There’s an old joke:

Guy 1: My mother made me a homosexual.
Guy 2: If I get her the wool can she make me one too?

My mother made me a feminist.

I come from a long line of unwed mothers. My own mother was an unwed mother, as were both of my grandmothers. Unplanned pregnancies have dominated the lives of generations of women of my family. Daughters raised as sisters. Mysterious disappearances. A sister was one, so was an aunt. There are cousins that were/are too, but of course, there’s far less stigma nowadays.

Both of my grandmothers, one from England, one from Mexico, had a child in the forties, years before they married my grandfathers after the war. Both of them were forced to give up those children, and both of them felt compelled to keep their motherhood a secret from their new families on the other side of the world. They both died without ever re-connecting with the children. It’s a common story amongst the poor. I’m sure every family has its stories.
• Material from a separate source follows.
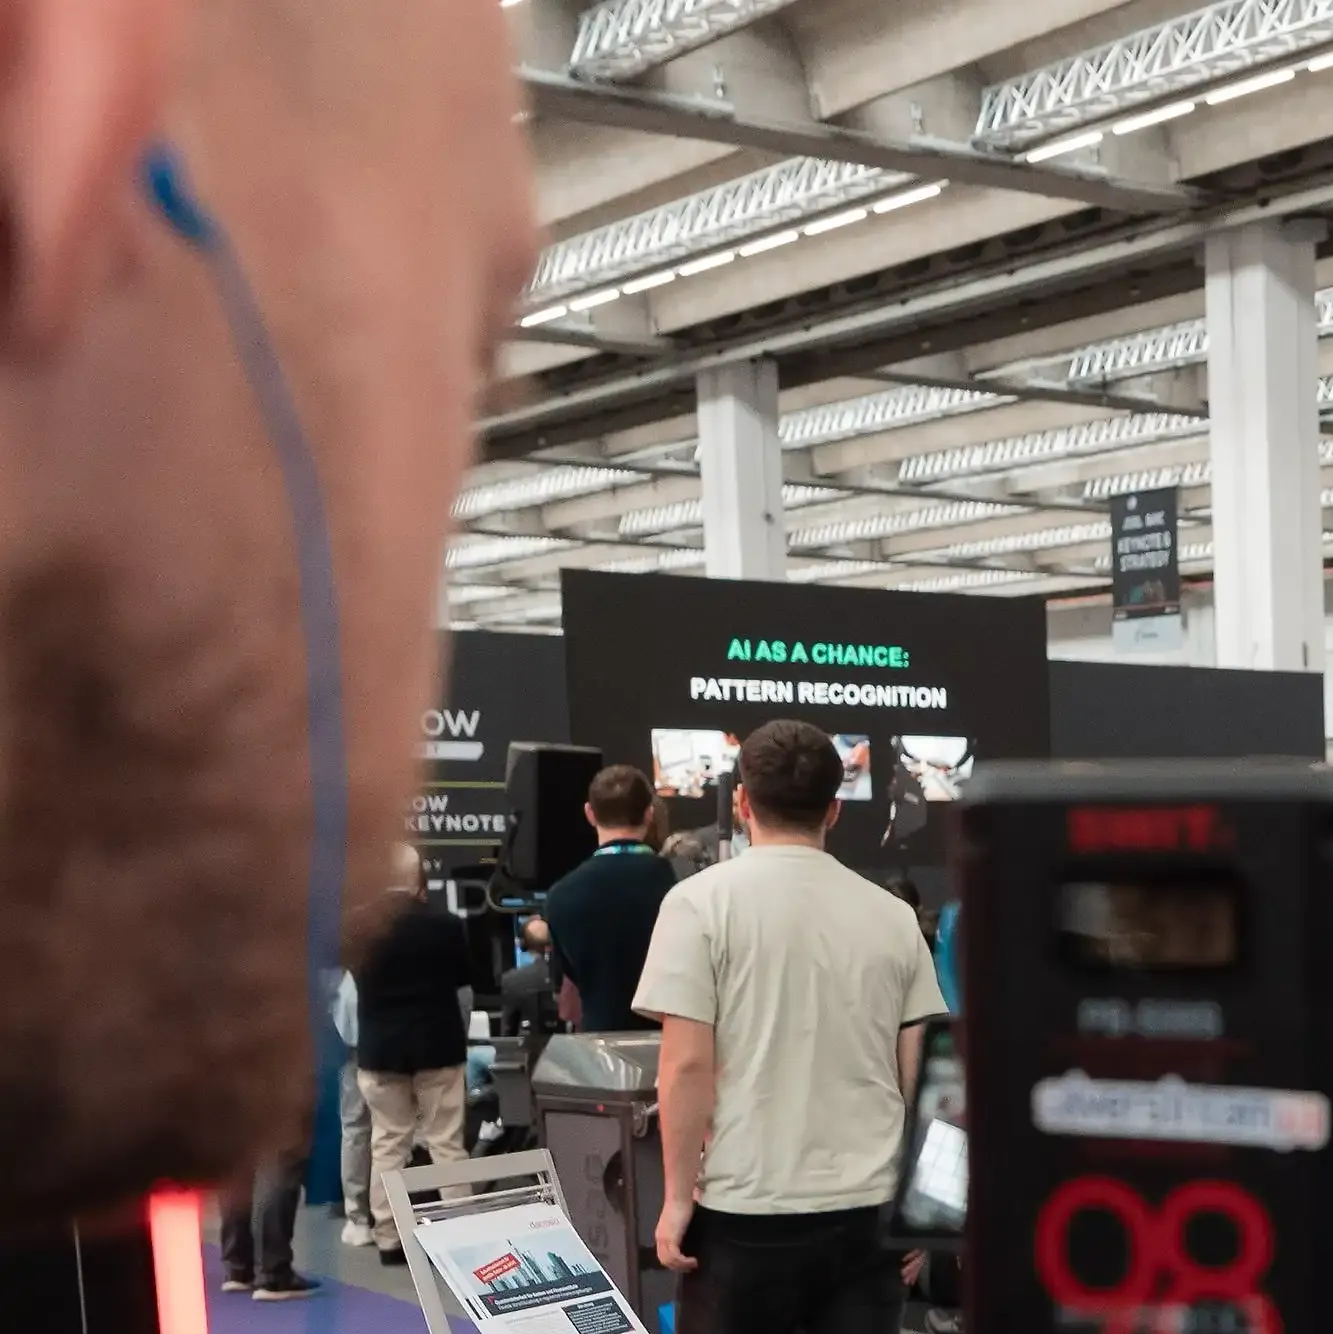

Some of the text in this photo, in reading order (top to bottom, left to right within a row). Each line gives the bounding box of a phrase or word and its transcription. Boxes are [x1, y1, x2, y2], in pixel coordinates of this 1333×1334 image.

[727, 638, 910, 668] AI AS A CHANCE:
[690, 677, 948, 709] PATTERN RECOGNITION
[405, 814, 507, 832] KEYNOTE
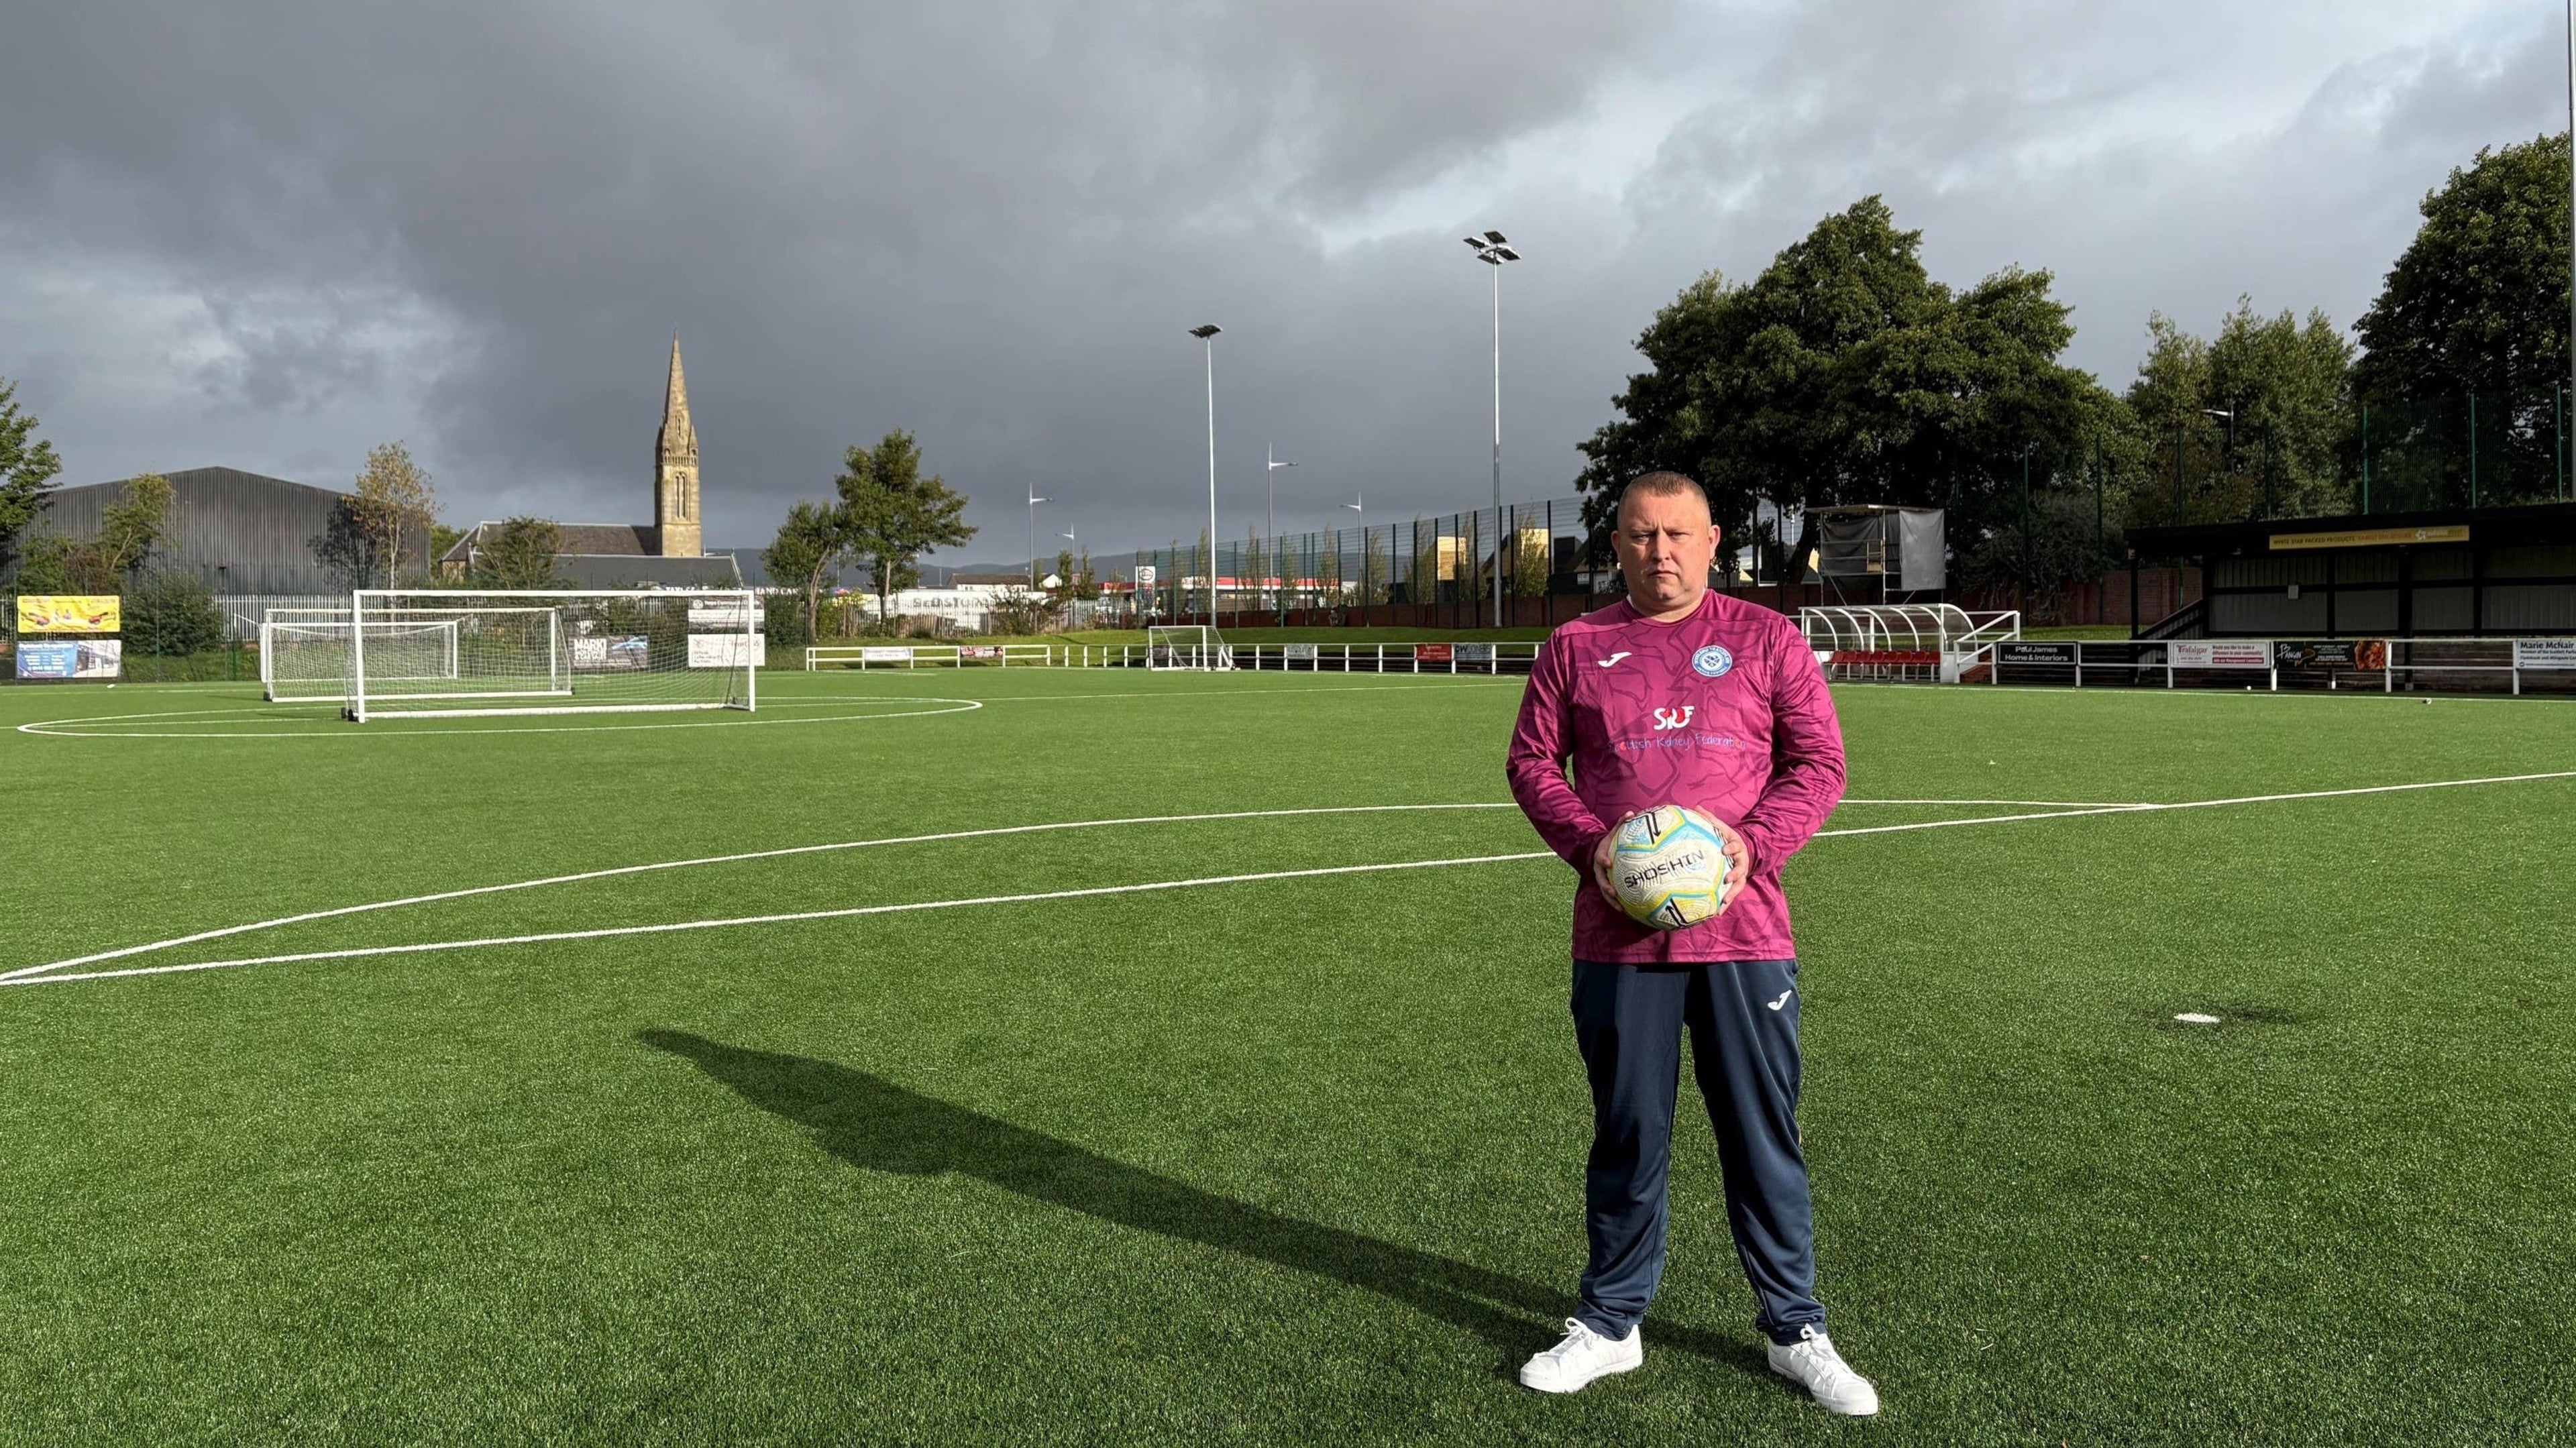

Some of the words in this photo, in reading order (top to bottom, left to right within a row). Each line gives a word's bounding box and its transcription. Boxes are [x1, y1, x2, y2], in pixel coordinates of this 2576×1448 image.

My Mum fell pregnant at 15 out of ignorance. I wish I could ask her mother (the English grandmother) why she let her daughter be ignorant: she was a nurse in the war, and midwife. She didn’t even prepare Mum for menstruation, Mum thought she was dying. When it finally became apparent she was pregnant late in the pregnancy — she was ignorant about that too — she was sent to a church-run home (she calls it the Naughty Girls Home) to have the baby, and there forced to give the child up for adoption. The home kept her in ignorance of the causes and preventions of pregnancy, and shortly after she and the father were expecting a second child. Me. She fought to keep me. He was sent away to England.

The Pill was available in 1969, when I was conceived and born, but denied to my mother because of “morality”. It was only available, by prescription, to married women. On my thirteenth birthday Mum sat me down and told me about the sister she’d had to give up. She also told me that ‘if I liked a boy that much’ I should tell her and she’d take me a doctor to get The Pill. I don’t know which astonished me more. I now know that the mere fact she could offer me The Pill is astonishing.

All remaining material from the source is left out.